# WHAT IS BEING ASKED
Could you give the entries again, exactly as written?

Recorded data
--------
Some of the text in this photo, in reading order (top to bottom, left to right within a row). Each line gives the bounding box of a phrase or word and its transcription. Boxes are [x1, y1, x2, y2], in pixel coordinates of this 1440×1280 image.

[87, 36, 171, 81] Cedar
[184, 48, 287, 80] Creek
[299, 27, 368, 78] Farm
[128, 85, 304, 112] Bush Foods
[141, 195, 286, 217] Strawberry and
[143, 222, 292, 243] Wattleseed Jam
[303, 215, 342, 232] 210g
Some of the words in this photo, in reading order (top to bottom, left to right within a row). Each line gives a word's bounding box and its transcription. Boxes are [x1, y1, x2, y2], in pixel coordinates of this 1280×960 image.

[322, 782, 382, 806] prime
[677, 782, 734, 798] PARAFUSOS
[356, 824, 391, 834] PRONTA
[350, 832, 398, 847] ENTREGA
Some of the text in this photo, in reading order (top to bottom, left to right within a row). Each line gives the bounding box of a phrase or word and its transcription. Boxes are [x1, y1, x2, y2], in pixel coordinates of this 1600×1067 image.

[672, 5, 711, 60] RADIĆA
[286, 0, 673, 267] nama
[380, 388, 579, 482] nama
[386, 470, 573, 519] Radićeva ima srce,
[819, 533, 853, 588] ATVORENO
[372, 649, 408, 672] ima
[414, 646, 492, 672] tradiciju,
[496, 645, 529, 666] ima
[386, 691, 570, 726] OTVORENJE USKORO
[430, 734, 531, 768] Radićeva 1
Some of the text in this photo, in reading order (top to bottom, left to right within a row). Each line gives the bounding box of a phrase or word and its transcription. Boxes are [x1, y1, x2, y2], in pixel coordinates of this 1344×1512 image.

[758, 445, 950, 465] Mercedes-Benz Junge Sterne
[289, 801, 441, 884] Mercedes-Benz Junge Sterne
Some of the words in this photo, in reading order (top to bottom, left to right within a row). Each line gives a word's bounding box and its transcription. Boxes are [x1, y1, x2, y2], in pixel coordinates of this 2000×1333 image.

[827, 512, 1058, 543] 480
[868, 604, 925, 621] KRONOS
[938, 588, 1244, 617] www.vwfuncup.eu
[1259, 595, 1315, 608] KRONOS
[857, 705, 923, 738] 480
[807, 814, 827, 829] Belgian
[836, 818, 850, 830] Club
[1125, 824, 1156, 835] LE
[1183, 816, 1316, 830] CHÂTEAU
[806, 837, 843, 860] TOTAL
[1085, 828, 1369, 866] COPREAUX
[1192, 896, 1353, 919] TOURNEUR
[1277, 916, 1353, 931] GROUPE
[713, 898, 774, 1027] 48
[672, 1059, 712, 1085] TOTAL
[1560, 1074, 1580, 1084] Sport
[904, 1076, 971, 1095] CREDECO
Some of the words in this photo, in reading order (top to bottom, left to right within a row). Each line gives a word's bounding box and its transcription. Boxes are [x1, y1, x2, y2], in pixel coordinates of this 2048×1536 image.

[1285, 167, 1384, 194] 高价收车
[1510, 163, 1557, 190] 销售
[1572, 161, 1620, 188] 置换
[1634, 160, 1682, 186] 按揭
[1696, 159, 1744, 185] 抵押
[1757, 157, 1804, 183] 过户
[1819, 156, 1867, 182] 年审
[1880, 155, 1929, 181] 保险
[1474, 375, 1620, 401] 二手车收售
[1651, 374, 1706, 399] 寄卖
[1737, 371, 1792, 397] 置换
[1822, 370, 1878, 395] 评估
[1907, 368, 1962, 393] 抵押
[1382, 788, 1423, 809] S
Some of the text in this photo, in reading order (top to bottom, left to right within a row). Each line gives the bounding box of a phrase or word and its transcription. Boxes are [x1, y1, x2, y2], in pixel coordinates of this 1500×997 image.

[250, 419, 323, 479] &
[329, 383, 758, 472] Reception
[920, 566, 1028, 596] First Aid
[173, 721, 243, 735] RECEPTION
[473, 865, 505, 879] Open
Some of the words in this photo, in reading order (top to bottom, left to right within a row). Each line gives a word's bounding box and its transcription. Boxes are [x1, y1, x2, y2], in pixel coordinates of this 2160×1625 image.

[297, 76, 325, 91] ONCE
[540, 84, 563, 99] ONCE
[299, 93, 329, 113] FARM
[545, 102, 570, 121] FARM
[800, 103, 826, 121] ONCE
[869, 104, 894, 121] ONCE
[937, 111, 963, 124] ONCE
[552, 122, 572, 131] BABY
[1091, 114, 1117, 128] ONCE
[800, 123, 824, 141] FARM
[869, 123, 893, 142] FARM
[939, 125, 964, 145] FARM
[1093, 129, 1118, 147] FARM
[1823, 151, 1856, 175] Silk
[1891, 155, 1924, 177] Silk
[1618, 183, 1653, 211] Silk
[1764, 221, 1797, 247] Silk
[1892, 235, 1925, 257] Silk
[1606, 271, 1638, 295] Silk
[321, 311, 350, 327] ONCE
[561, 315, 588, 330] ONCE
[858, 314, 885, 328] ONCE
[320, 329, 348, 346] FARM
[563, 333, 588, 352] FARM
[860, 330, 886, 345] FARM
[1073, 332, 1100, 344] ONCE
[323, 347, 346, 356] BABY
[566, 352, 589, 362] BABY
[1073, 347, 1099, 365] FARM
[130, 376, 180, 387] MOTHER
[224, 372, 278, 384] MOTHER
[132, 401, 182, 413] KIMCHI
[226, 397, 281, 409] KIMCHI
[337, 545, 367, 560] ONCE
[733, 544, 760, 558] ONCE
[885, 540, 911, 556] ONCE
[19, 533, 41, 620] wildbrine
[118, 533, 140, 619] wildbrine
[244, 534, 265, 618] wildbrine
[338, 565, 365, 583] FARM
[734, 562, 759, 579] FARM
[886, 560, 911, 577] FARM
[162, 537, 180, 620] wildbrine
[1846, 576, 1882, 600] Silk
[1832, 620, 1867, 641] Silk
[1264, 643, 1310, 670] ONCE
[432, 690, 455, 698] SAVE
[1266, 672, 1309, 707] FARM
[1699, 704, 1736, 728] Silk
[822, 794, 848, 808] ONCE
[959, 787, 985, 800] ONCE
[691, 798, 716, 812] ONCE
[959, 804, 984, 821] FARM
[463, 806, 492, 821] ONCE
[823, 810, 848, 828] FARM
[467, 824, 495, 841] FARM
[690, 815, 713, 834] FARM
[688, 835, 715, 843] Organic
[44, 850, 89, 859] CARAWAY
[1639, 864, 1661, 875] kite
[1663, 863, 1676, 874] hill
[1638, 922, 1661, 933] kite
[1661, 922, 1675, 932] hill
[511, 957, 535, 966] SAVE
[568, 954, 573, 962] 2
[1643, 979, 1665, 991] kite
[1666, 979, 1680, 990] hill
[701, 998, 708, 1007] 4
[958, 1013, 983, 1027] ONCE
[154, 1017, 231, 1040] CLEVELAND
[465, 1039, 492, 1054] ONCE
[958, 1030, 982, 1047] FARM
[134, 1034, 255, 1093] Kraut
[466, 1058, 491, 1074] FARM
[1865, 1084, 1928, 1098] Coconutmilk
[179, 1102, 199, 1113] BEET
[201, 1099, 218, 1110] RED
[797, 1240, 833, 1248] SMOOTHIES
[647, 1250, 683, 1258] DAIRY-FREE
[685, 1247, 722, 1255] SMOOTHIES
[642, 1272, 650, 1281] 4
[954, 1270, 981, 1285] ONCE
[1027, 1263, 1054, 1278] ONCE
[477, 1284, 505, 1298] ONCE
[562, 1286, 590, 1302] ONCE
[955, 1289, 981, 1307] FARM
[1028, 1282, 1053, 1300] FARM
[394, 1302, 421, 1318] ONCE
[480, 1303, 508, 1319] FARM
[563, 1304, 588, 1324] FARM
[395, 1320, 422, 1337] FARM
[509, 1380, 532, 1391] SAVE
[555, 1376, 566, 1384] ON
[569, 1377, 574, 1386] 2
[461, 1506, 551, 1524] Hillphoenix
--------
# EXPECTED ANSWER
Some of the text in this photo, in reading order (top to bottom, left to right within a row). Each line gives the bounding box of a phrase or word and its transcription. Boxes are [x1, y1, x2, y2], in pixel coordinates of this 1440×1280 image.

[87, 36, 171, 81] Cedar
[184, 48, 287, 80] Creek
[299, 27, 368, 78] Farm
[128, 85, 304, 112] Bush Foods
[141, 195, 286, 217] Strawberry and
[143, 222, 292, 243] Wattleseed Jam
[303, 215, 342, 232] 210g
Some of the words in this photo, in reading order (top to bottom, left to right within a row). Each line gives a word's bounding box and its transcription. Boxes are [x1, y1, x2, y2], in pixel coordinates of this 1280×960 image.

[322, 782, 382, 806] prime
[677, 782, 734, 798] PARAFUSOS
[356, 824, 391, 834] PRONTA
[350, 832, 398, 847] ENTREGA
Some of the text in this photo, in reading order (top to bottom, left to right within a row). Each line gives the bounding box of a phrase or word and its transcription. Boxes are [x1, y1, x2, y2], in pixel coordinates of this 1600×1067 image.

[672, 5, 711, 60] RADIĆA
[286, 0, 673, 267] nama
[380, 388, 579, 482] nama
[386, 470, 573, 519] Radićeva ima srce,
[819, 533, 853, 588] ATVORENO
[372, 649, 408, 672] ima
[414, 646, 492, 672] tradiciju,
[496, 645, 529, 666] ima
[386, 691, 570, 726] OTVORENJE USKORO
[430, 734, 531, 768] Radićeva 1
Some of the text in this photo, in reading order (top to bottom, left to right within a row). Each line gives the bounding box of a phrase or word and its transcription. Boxes are [x1, y1, x2, y2], in pixel coordinates of this 1344×1512 image.

[758, 445, 950, 465] Mercedes-Benz Junge Sterne
[289, 801, 441, 884] Mercedes-Benz Junge Sterne
Some of the words in this photo, in reading order (top to bottom, left to right within a row). Each line gives a word's bounding box and its transcription. Boxes are [x1, y1, x2, y2], in pixel coordinates of this 2000×1333 image.

[827, 512, 1058, 543] 480
[868, 604, 925, 621] KRONOS
[938, 588, 1244, 617] www.vwfuncup.eu
[1259, 595, 1315, 608] KRONOS
[857, 705, 923, 738] 480
[807, 814, 827, 829] Belgian
[836, 818, 850, 830] Club
[1125, 824, 1156, 835] LE
[1183, 816, 1316, 830] CHÂTEAU
[806, 837, 843, 860] TOTAL
[1085, 828, 1369, 866] COPREAUX
[1192, 896, 1353, 919] TOURNEUR
[1277, 916, 1353, 931] GROUPE
[713, 898, 774, 1027] 48
[672, 1059, 712, 1085] TOTAL
[1560, 1074, 1580, 1084] Sport
[904, 1076, 971, 1095] CREDECO
Some of the words in this photo, in reading order (top to bottom, left to right within a row). Each line gives a word's bounding box and its transcription. Boxes are [x1, y1, x2, y2], in pixel coordinates of this 2048×1536 image.

[1285, 167, 1384, 194] 高价收车
[1510, 163, 1557, 190] 销售
[1572, 161, 1620, 188] 置换
[1634, 160, 1682, 186] 按揭
[1696, 159, 1744, 185] 抵押
[1757, 157, 1804, 183] 过户
[1819, 156, 1867, 182] 年审
[1880, 155, 1929, 181] 保险
[1474, 375, 1620, 401] 二手车收售
[1651, 374, 1706, 399] 寄卖
[1737, 371, 1792, 397] 置换
[1822, 370, 1878, 395] 评估
[1907, 368, 1962, 393] 抵押
[1382, 788, 1423, 809] S
Some of the text in this photo, in reading order (top to bottom, left to right within a row). Each line gives the bounding box of a phrase or word and its transcription. Boxes are [x1, y1, x2, y2], in pixel coordinates of this 1500×997 image.

[250, 419, 323, 479] &
[329, 383, 758, 472] Reception
[920, 566, 1028, 596] First Aid
[173, 721, 243, 735] RECEPTION
[473, 865, 505, 879] Open
Some of the words in this photo, in reading order (top to bottom, left to right within a row). Each line gives a word's bounding box and its transcription. Boxes are [x1, y1, x2, y2], in pixel coordinates of this 2160×1625 image.

[297, 76, 325, 91] ONCE
[540, 84, 563, 99] ONCE
[299, 93, 329, 113] FARM
[545, 102, 570, 121] FARM
[800, 103, 826, 121] ONCE
[869, 104, 894, 121] ONCE
[937, 111, 963, 124] ONCE
[552, 122, 572, 131] BABY
[1091, 114, 1117, 128] ONCE
[800, 123, 824, 141] FARM
[869, 123, 893, 142] FARM
[939, 125, 964, 145] FARM
[1093, 129, 1118, 147] FARM
[1823, 151, 1856, 175] Silk
[1891, 155, 1924, 177] Silk
[1618, 183, 1653, 211] Silk
[1764, 221, 1797, 247] Silk
[1892, 235, 1925, 257] Silk
[1606, 271, 1638, 295] Silk
[321, 311, 350, 327] ONCE
[561, 315, 588, 330] ONCE
[858, 314, 885, 328] ONCE
[320, 329, 348, 346] FARM
[563, 333, 588, 352] FARM
[860, 330, 886, 345] FARM
[1073, 332, 1100, 344] ONCE
[323, 347, 346, 356] BABY
[566, 352, 589, 362] BABY
[1073, 347, 1099, 365] FARM
[130, 376, 180, 387] MOTHER
[224, 372, 278, 384] MOTHER
[132, 401, 182, 413] KIMCHI
[226, 397, 281, 409] KIMCHI
[337, 545, 367, 560] ONCE
[733, 544, 760, 558] ONCE
[885, 540, 911, 556] ONCE
[19, 533, 41, 620] wildbrine
[118, 533, 140, 619] wildbrine
[244, 534, 265, 618] wildbrine
[338, 565, 365, 583] FARM
[734, 562, 759, 579] FARM
[886, 560, 911, 577] FARM
[162, 537, 180, 620] wildbrine
[1846, 576, 1882, 600] Silk
[1832, 620, 1867, 641] Silk
[1264, 643, 1310, 670] ONCE
[432, 690, 455, 698] SAVE
[1266, 672, 1309, 707] FARM
[1699, 704, 1736, 728] Silk
[822, 794, 848, 808] ONCE
[959, 787, 985, 800] ONCE
[691, 798, 716, 812] ONCE
[959, 804, 984, 821] FARM
[463, 806, 492, 821] ONCE
[823, 810, 848, 828] FARM
[467, 824, 495, 841] FARM
[690, 815, 713, 834] FARM
[688, 835, 715, 843] Organic
[44, 850, 89, 859] CARAWAY
[1639, 864, 1661, 875] kite
[1663, 863, 1676, 874] hill
[1638, 922, 1661, 933] kite
[1661, 922, 1675, 932] hill
[511, 957, 535, 966] SAVE
[568, 954, 573, 962] 2
[1643, 979, 1665, 991] kite
[1666, 979, 1680, 990] hill
[701, 998, 708, 1007] 4
[958, 1013, 983, 1027] ONCE
[154, 1017, 231, 1040] CLEVELAND
[465, 1039, 492, 1054] ONCE
[958, 1030, 982, 1047] FARM
[134, 1034, 255, 1093] Kraut
[466, 1058, 491, 1074] FARM
[1865, 1084, 1928, 1098] Coconutmilk
[179, 1102, 199, 1113] BEET
[201, 1099, 218, 1110] RED
[797, 1240, 833, 1248] SMOOTHIES
[647, 1250, 683, 1258] DAIRY-FREE
[685, 1247, 722, 1255] SMOOTHIES
[642, 1272, 650, 1281] 4
[954, 1270, 981, 1285] ONCE
[1027, 1263, 1054, 1278] ONCE
[477, 1284, 505, 1298] ONCE
[562, 1286, 590, 1302] ONCE
[955, 1289, 981, 1307] FARM
[1028, 1282, 1053, 1300] FARM
[394, 1302, 421, 1318] ONCE
[480, 1303, 508, 1319] FARM
[563, 1304, 588, 1324] FARM
[395, 1320, 422, 1337] FARM
[509, 1380, 532, 1391] SAVE
[555, 1376, 566, 1384] ON
[569, 1377, 574, 1386] 2
[461, 1506, 551, 1524] Hillphoenix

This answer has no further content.